マイクロソフトの元OfficeおよびWindows責任者であるスティーブン・シノフスキー氏は、WM/Concept.A、Melissa、ILOVEYOUなどの初期のウイルスの影響や、Word文書内の隠されたGUID(グローバル一意識別子)を中心とした初期のプライバシー論争を振り返った。

シノフスキー氏はマイクロソフト在籍時代を綴った著書を執筆中で、現在は『ハードコア・ソフトウェア:PC革命の興亡』というタイトルが付けられている。「転落」という部分は、Windows 10やSurfaceを売り込む現在のマイクロソフト関係者には好感を持たれないだろうと推測できるが、彼の言うことには一理ある。PCがコンピューティングを支配していた時代はとうに過ぎ去り、iOSやAndroidのモバイルデバイスの台頭によって失われた。そして、本当に重要なのは使用するデバイスではなく、アクセスするクラウドサービスであるという認識も揺らいでいる。

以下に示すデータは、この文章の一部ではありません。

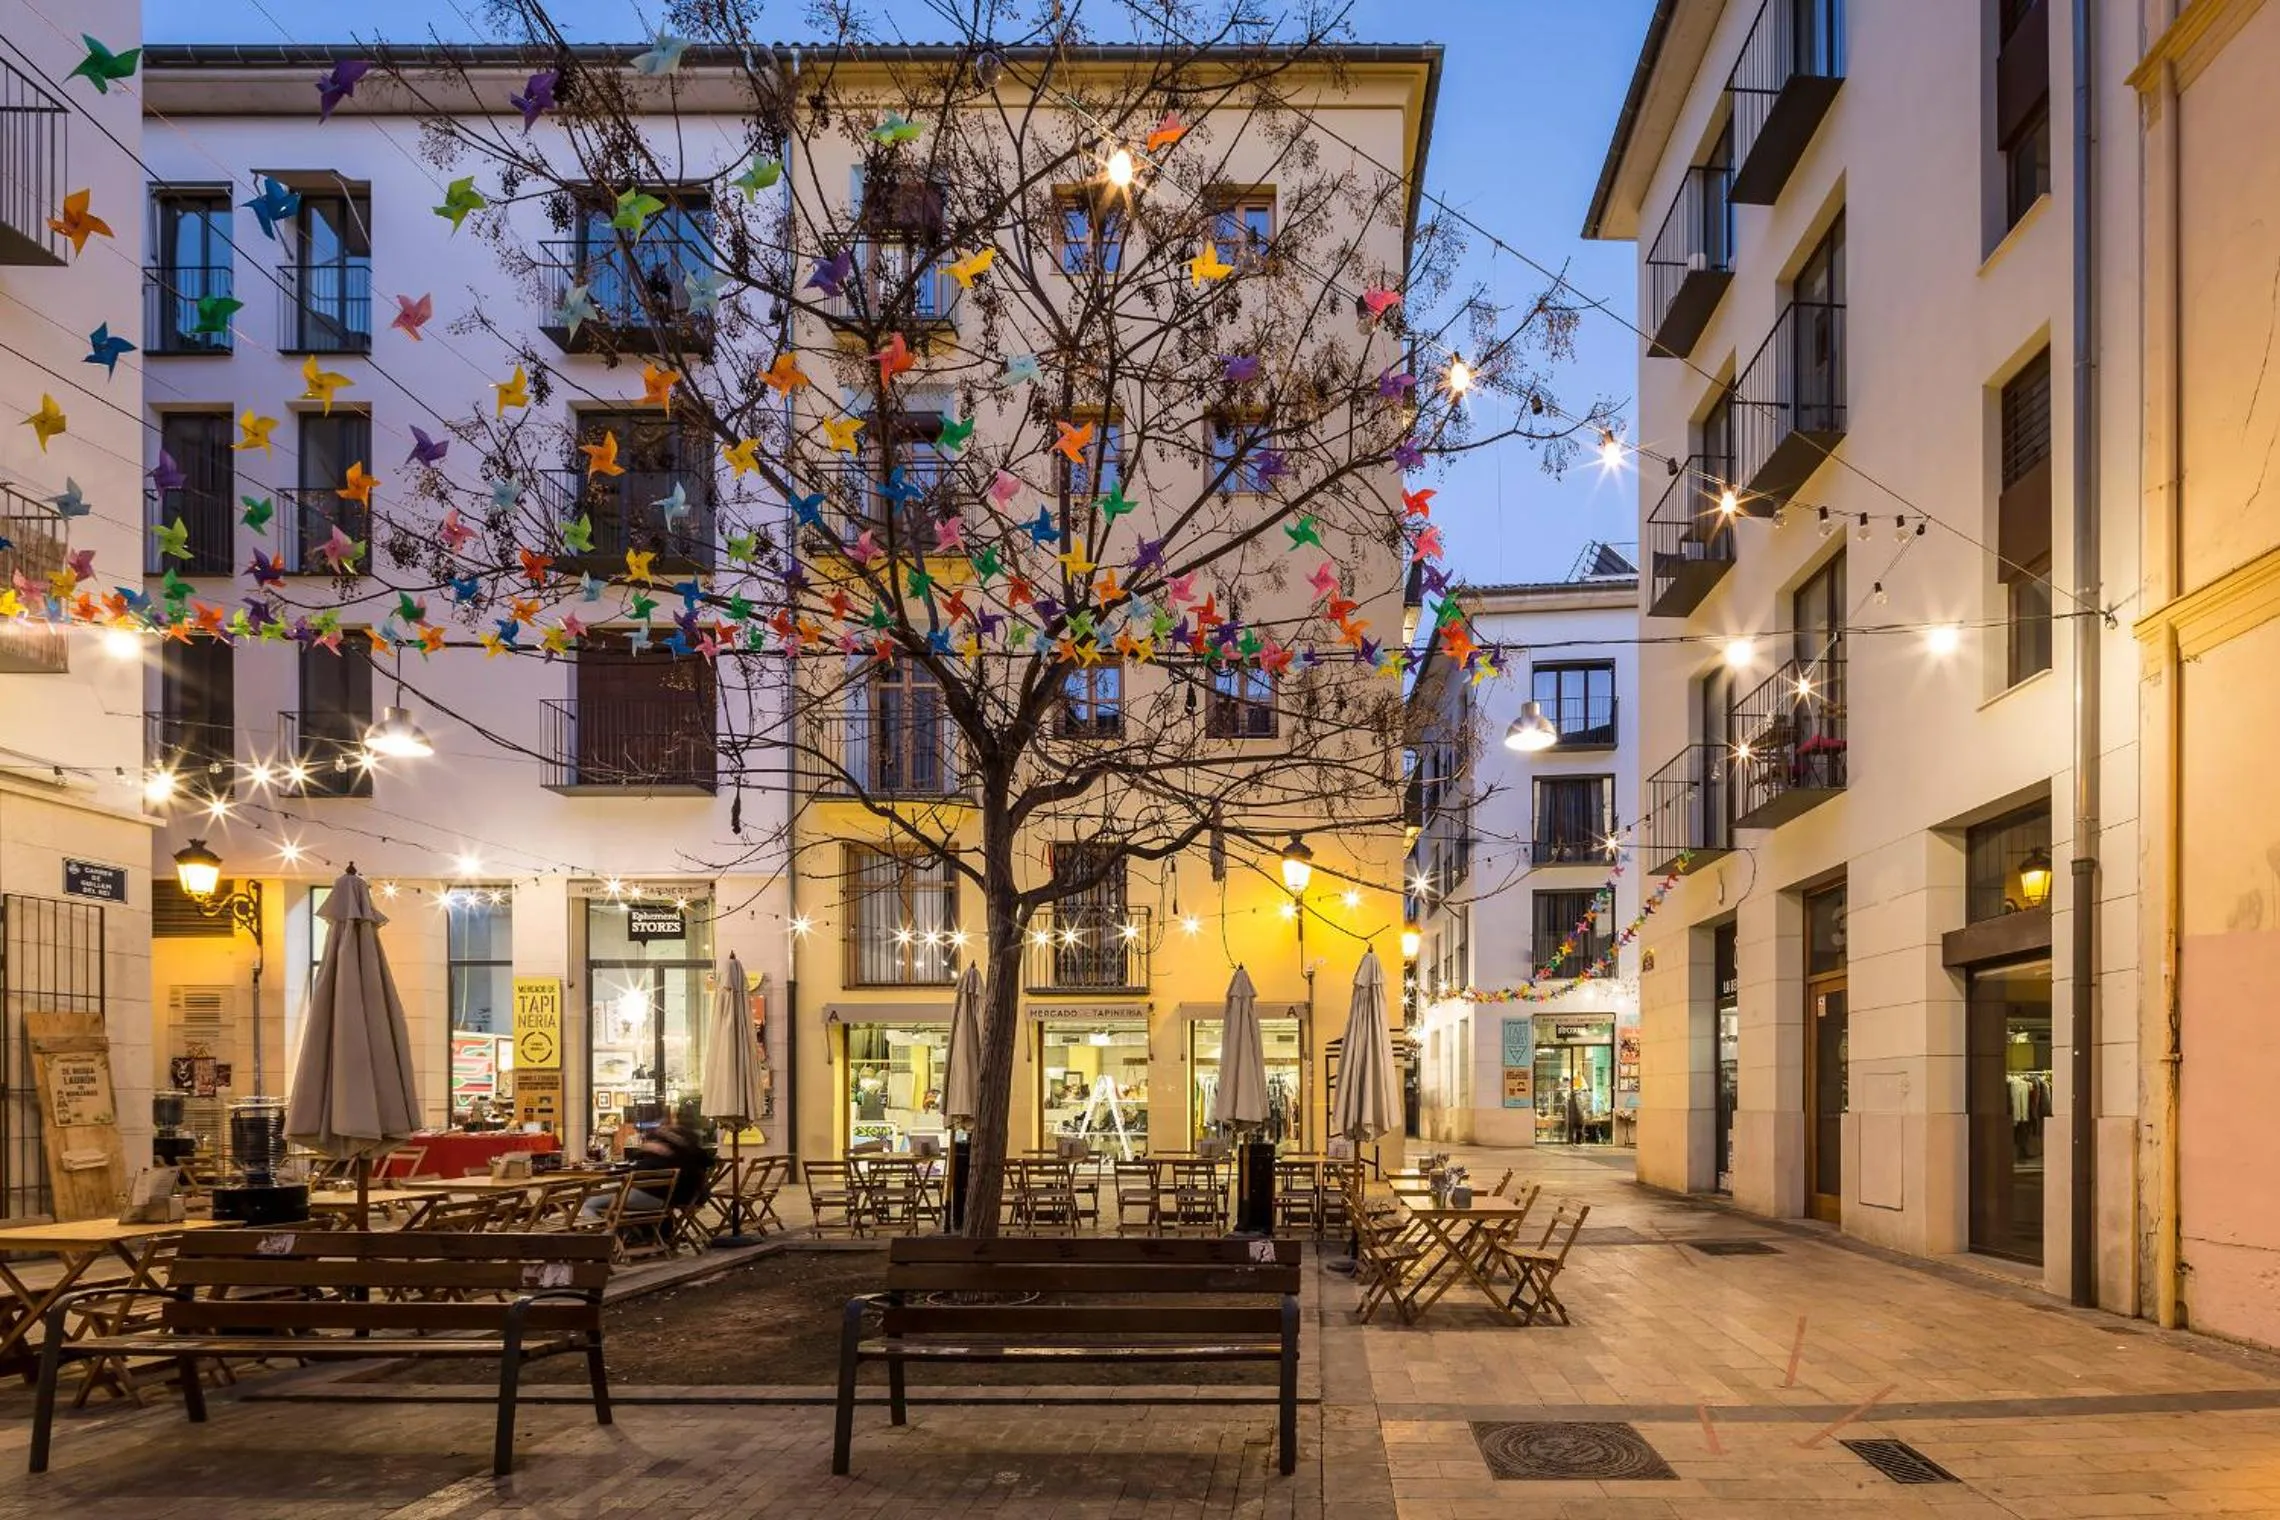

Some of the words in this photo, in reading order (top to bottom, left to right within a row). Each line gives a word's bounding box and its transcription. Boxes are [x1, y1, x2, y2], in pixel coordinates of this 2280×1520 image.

彼は1998年から2006年までMicrosoft Officeを担当し、その後2006年から2012年までWindowsを担当した。彼が関わったものはすべて大成功を収めたが、特にWindows 7は、不評だったVistaの後にMicrosoftのオペレーティングシステムを救ったが、その後、Windows 8とSurface RTの悲惨な発売を監督することになった。

恋するジャック・ラッセルの写真(Shutterstockより)

サイバー犯罪者が「ILOVEYOU」というタイトルの興味深い小さなメールでソーシャルエンジニアリングに目覚めてから20年が経ちました。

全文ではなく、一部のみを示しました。